Digital certificates are used across the Internet to authenticate users exchanging data with one another.  Since every legitimate website uses a certificate, certificate management is extremely important. If a certificate were to be stolen and misused, an attacker could pose as another, more legitimate, source and infect a user with malware via their website. The expiration of a certificate of a certificate can result in an outage, causing an organization to lose out on potential customers. These are just a few reasons to learn more about certificate management.

What is Certificate Management?

Certificate management is the process of monitoring, processing, and executing every process in a certificate’s lifecycle. Certificate management is responsible for issuing, renewing, and deploying certificates to endpoints (servers, appliances, devices, etc.) so that network services are uninterrupted. Certificate management should also automate tasks (issuing, renewal, and so on), as well as provide real time status of the infrastructure of the network.

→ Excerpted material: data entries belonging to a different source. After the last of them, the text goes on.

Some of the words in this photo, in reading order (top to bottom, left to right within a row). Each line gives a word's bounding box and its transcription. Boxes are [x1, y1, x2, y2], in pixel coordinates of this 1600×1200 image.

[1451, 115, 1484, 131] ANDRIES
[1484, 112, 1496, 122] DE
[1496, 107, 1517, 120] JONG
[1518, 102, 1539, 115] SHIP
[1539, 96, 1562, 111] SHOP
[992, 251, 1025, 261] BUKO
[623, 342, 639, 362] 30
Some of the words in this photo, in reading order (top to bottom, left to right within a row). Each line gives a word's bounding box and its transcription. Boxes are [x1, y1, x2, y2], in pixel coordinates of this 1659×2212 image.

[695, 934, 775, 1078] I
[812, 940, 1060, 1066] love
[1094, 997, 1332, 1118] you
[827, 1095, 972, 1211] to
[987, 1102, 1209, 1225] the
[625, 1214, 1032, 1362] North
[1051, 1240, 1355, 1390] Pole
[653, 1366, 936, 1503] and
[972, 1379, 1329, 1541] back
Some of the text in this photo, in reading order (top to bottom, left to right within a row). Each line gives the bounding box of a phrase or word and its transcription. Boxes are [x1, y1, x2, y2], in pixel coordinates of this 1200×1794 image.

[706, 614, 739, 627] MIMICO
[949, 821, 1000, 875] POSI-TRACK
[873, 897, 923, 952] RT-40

Certificate management helps manage the network and prevent interruptions and downtime, while providing a detailed monitoring of the whole infrastructure. Good certificate management plans should be able to handle any network, even ones with thousands of devices. If a certificate expires or is misconfigured, catastrophic outages all over the network may occur.

What is a Digital Certificate?

Any discussion of certificate management would be incomplete without explaining what a digital certificate is. A certificate, also known as an SSL/TLS certificate, is a digital identifier for users, devices, and other endpoints within a network. Certificates are linked with a public/private key pair and verify that the public key, which is matched with the valid certificate, can be trusted. The main job of a certificate is to ensure that data sent across a connection between a user and a server is kept private. The certificates does this by encrypting and decrypting data as it is sent across the connection. This is achieved through something called an SSL/TLS Handshake.

TLS Handshake

A TLS Handshake is executed as follows:

1. Client Hello:The client hello occurs when the client sends a request to the server to communicate. The TLS version, the cipher suites supported, and a string of random bytes known as the “client random” are included in the hello.

2. Server Hello: In the server hello, the server acknowledges the client hello. It then ensures it is using a TLS version that is compatible with the client TLS version, selects a compatible cipher suite from the ones offered by the client, and sends its certificate, the server random (similar to the client random), and the public key to the client.

3.Certificate Validation: The validity of the server’s certificate is first checked by the client through the certificate authority. The certificate authority, or CA, is a highly trusted entity given the responsibility of signing and generating digital certificates.

4. Pre-Master String: The client then encrypts a random string of bytes, called the “Pre-Master String” with the server’s public key and sends it back to the server. This ensures that only the server can decrypt the key with its own private key, acting as another level of security.

5. Session Key Creation: The server decrypts the pre-master key, and then both the client and server create session keys from the client random, the server random, and the premaster string.

6. Finished Messaging: The client and server then send each other messages saying they have finished creating their keys, and they compare keys with each other. If the session keys match, the TLS Handshake is completed, and the session keys are used to encrypt and decrypt any data sent between the server and client.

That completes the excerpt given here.